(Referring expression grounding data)
=== Section Start ===

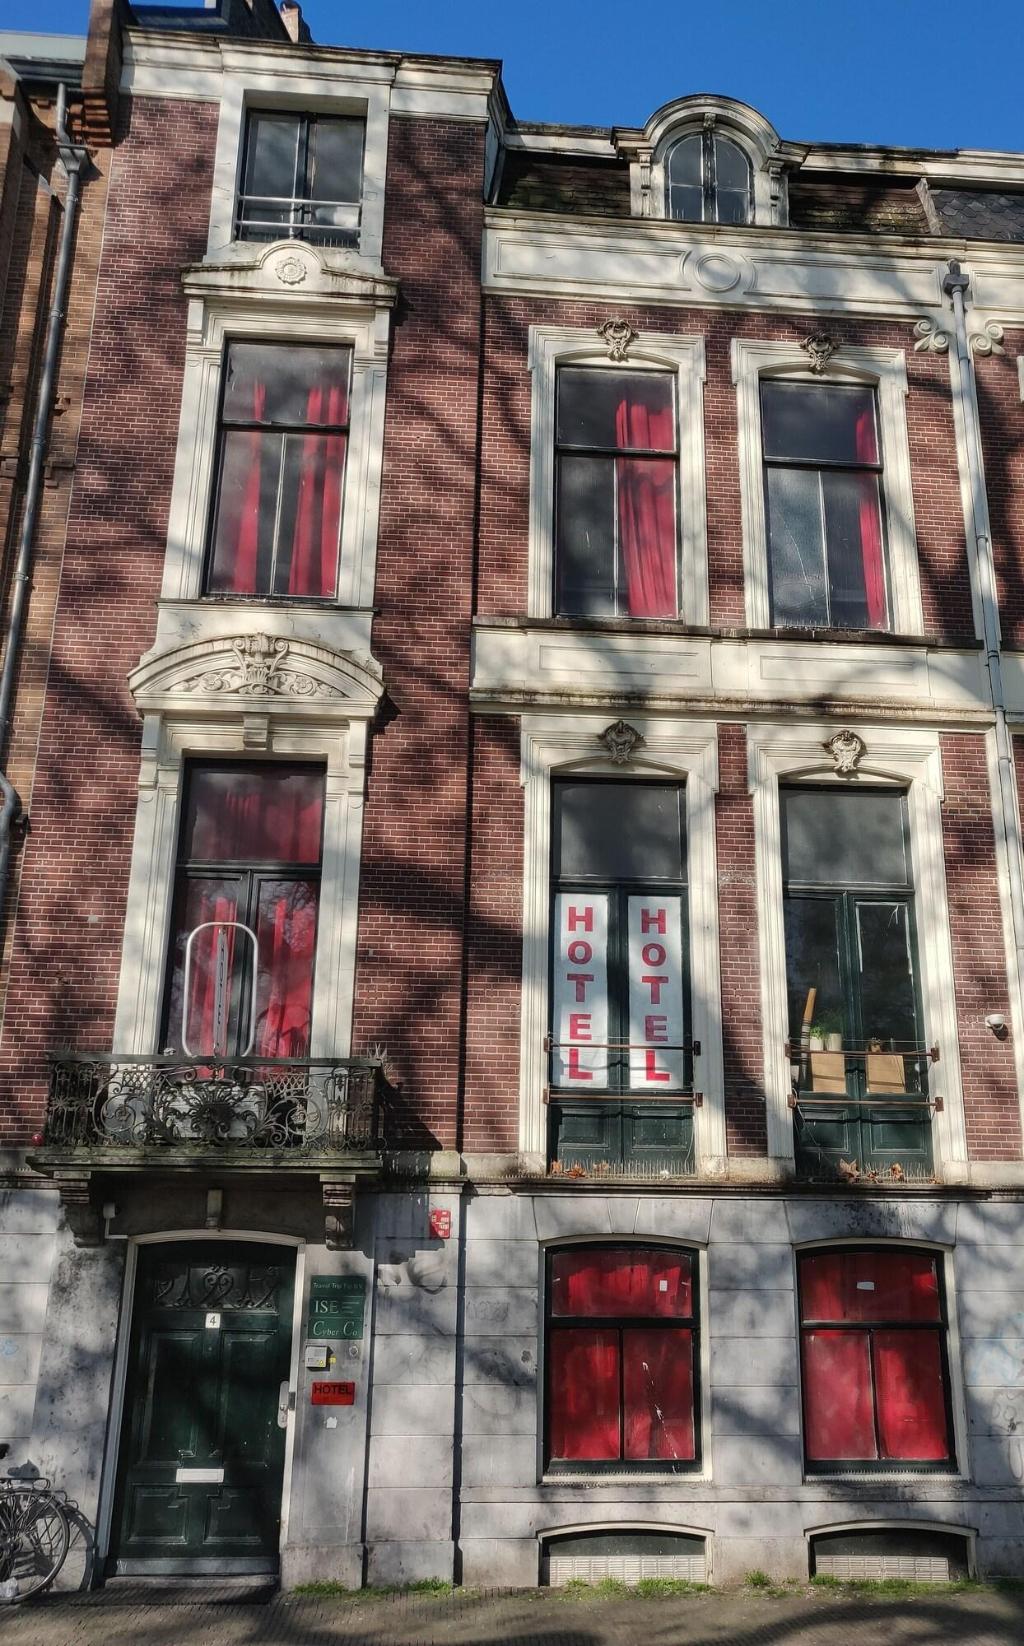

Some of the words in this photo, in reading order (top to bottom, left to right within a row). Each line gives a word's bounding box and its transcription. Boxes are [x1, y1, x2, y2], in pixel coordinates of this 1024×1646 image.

[567, 906, 594, 1080] HOTEL
[641, 908, 671, 1082] HOTEL
[315, 1299, 339, 1314] ISE
[210, 1315, 217, 1326] 4
[314, 1384, 352, 1394] HOTEL
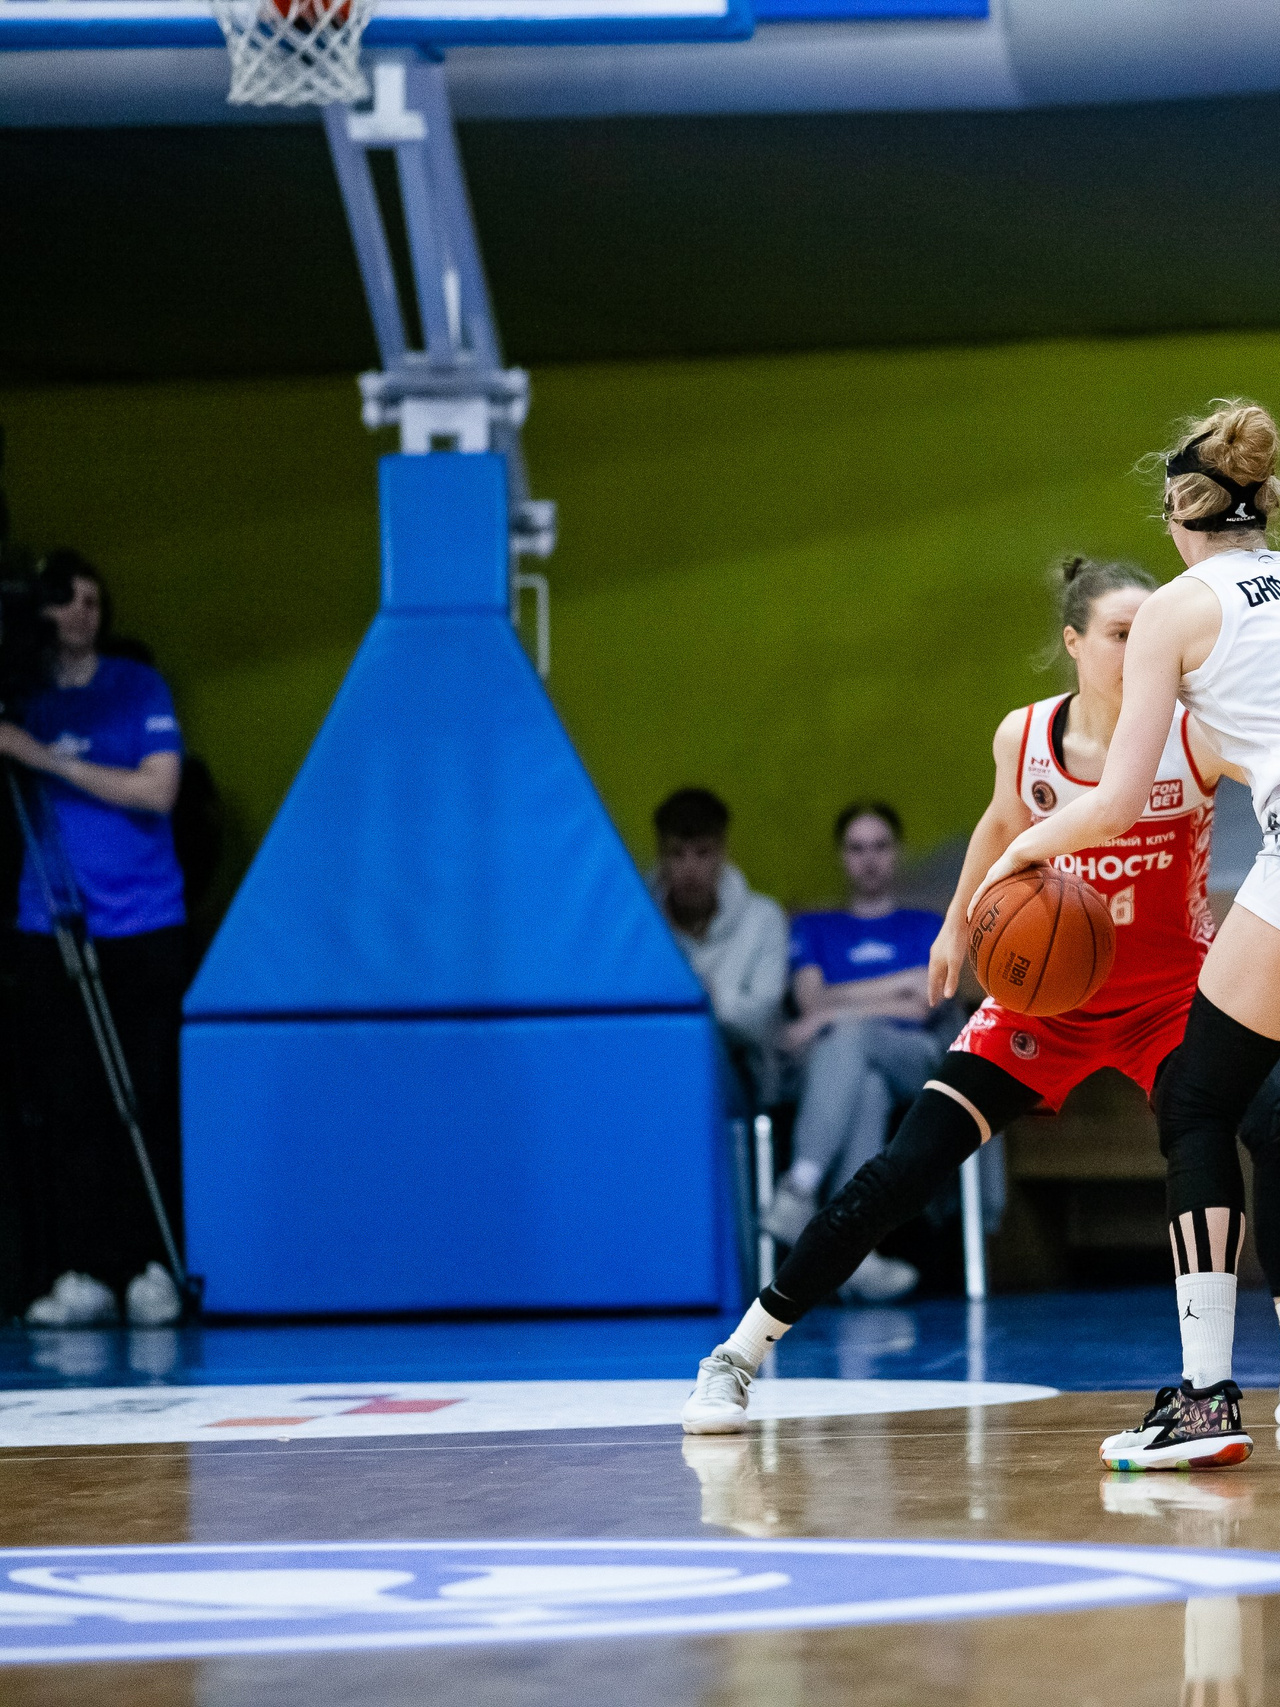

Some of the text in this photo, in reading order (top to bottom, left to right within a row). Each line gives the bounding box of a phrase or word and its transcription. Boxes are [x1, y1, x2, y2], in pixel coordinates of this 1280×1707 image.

[1152, 781, 1180, 796] FON
[1152, 793, 1181, 808] BET
[1098, 830, 1176, 847] ЬНЫЙ КЛУБ
[1054, 851, 1174, 881] ЮНОСТЬ
[1009, 955, 1031, 987] FIBA

=== Section End ===

The task. Please restate each entry exactly, but drop any picture it holds.

Reply.
Some of the words in this photo, in reading order (top to bottom, left to right within a row). Each line gives a word's bounding box and its transcription. Boxes are [x1, y1, x2, y2], in pixel coordinates of this 1024×1646 image.

[567, 906, 594, 1080] HOTEL
[641, 908, 671, 1082] HOTEL
[315, 1299, 339, 1314] ISE
[210, 1315, 217, 1326] 4
[314, 1384, 352, 1394] HOTEL

Some of the text in this photo, in reading order (top to bottom, left to right within a row). Each line gives the bounding box of a phrase or word and its transcription. Boxes are [x1, y1, x2, y2], in pixel coordinates of this 1280×1707 image.

[1152, 781, 1180, 796] FON
[1152, 793, 1181, 808] BET
[1098, 830, 1176, 847] ЬНЫЙ КЛУБ
[1054, 851, 1174, 881] ЮНОСТЬ
[1009, 955, 1031, 987] FIBA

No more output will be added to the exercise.